2 goldfish are in a tank. One looks at the other and says “YOU MAN THE GUNS, I’LL DRIVE!”

HAHAHAHAHAHAHAHAHAHAHA!

(I’m not deleting this)

@Cheeseboy22

FYI: Waterparks can’t call it a “lazy river” if they make you get out to pee.

@RedRegenerated

ME: Is this chicken cooked?

WAITER: Why do you ask?

ME: Because it’s just eaten my vegetables.

@shawn_spree

My wife is still mad at me for that 20 minute blank stare I did when she asked me what I was thankful for on Thanksgiving day.

@LoriLuvsShoes

So I told my husband that I have a TC and he said, “that’s really cute.
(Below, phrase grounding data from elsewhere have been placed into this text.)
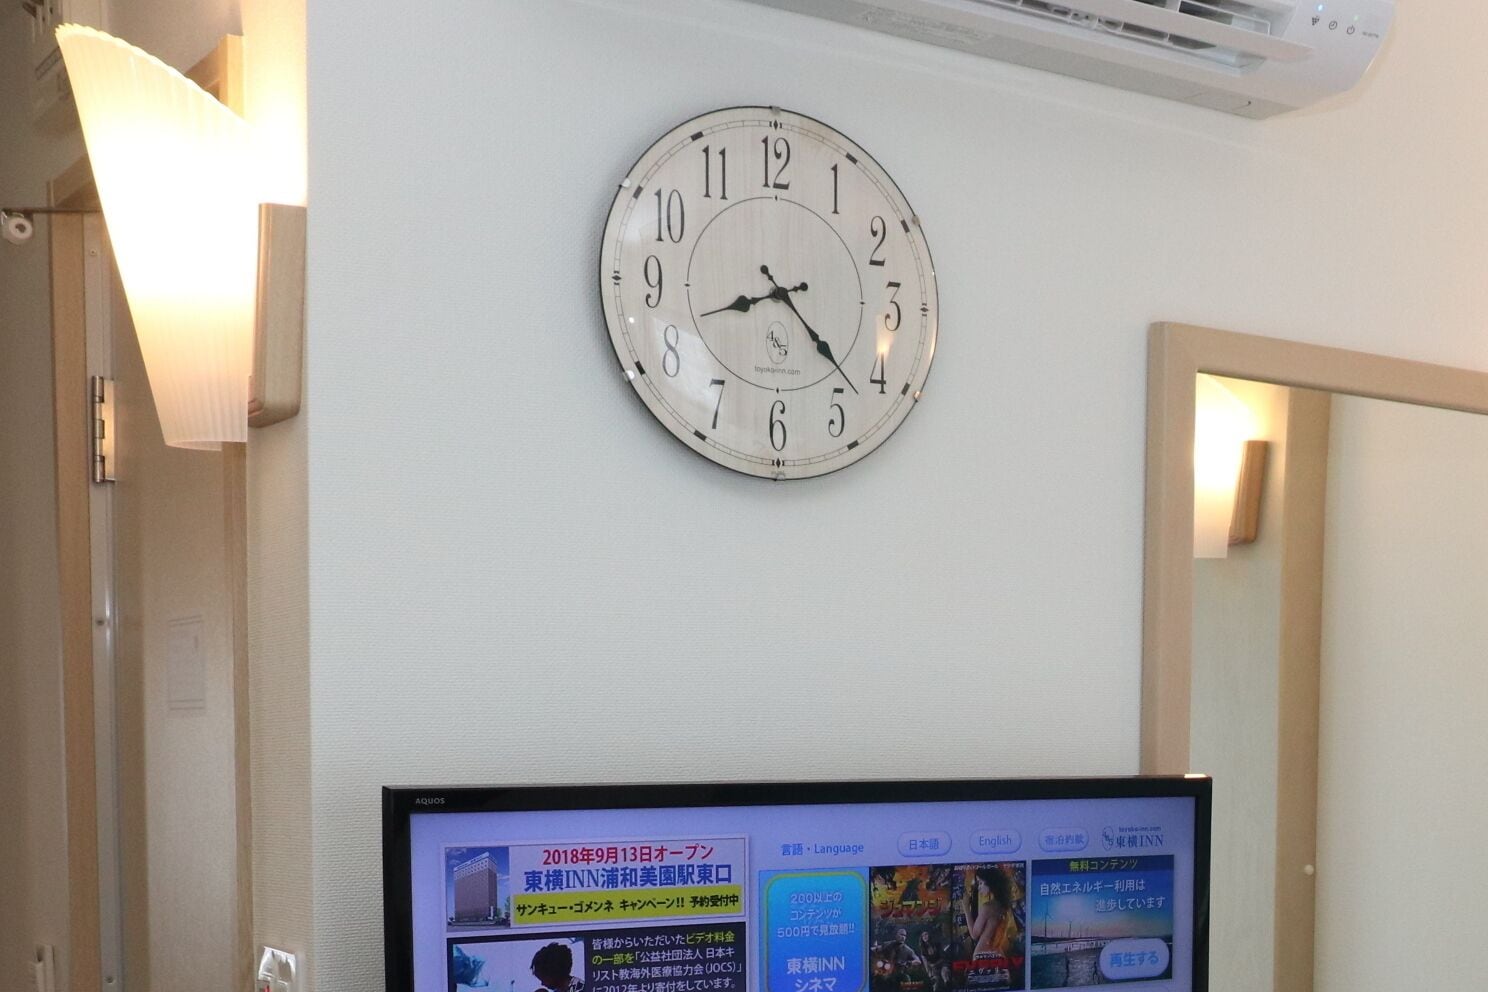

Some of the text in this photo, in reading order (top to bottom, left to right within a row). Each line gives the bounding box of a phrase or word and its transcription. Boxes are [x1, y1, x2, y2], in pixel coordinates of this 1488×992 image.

[702, 145, 728, 200] 11
[762, 136, 790, 190] 12
[830, 163, 840, 214] 1
[654, 188, 685, 243] 10
[869, 216, 886, 266] 2
[643, 255, 663, 308] 9
[884, 281, 901, 331] 3
[662, 325, 680, 377] 8
[869, 347, 887, 394] 4
[709, 379, 725, 429] 7
[828, 387, 845, 437] 5
[769, 400, 787, 451] 6
[415, 797, 445, 805] AQUOS
[908, 838, 940, 851] 日本語
[978, 834, 1012, 848] English
[1115, 832, 1164, 848] 東横INN
[543, 843, 713, 866] 2018年9月13日オープン
[1069, 857, 1138, 872] 無料コンテンツ
[524, 864, 732, 892] 東横INN浦和美園駅東口
[1039, 879, 1146, 896] 自然エネルギー利用は
[516, 901, 614, 917] サンキュー・ゴメンネ
[689, 894, 739, 909] 予約受付中
[789, 908, 841, 921] コンテンツが
[1095, 895, 1167, 913] 進歩しています
[592, 931, 735, 950] 皆様からいただいたビデオ料金
[787, 956, 845, 974] 東横INN
[1110, 949, 1160, 968] 再生する
See if he wants to fund your shoe addiction”

@Pork_Chop_Hair

[bean naming]

Angel: okay, this one?

God: it’s black, so black bean

A: and this?

G: lol that looks like a kidney— kidney bean!

A: k, and this one?

G (giggling): GARBANZOOOOOoooooo!!

A: … dude, you alright?

@PatsATweetin

Your sister wives’ moms are technically mother-in-against-the-laws

@MrsJekyllsHyde

In the Walking Dead how and when does the cop guy find time to clean, iron, and press his uniform during the zombie apocalypse?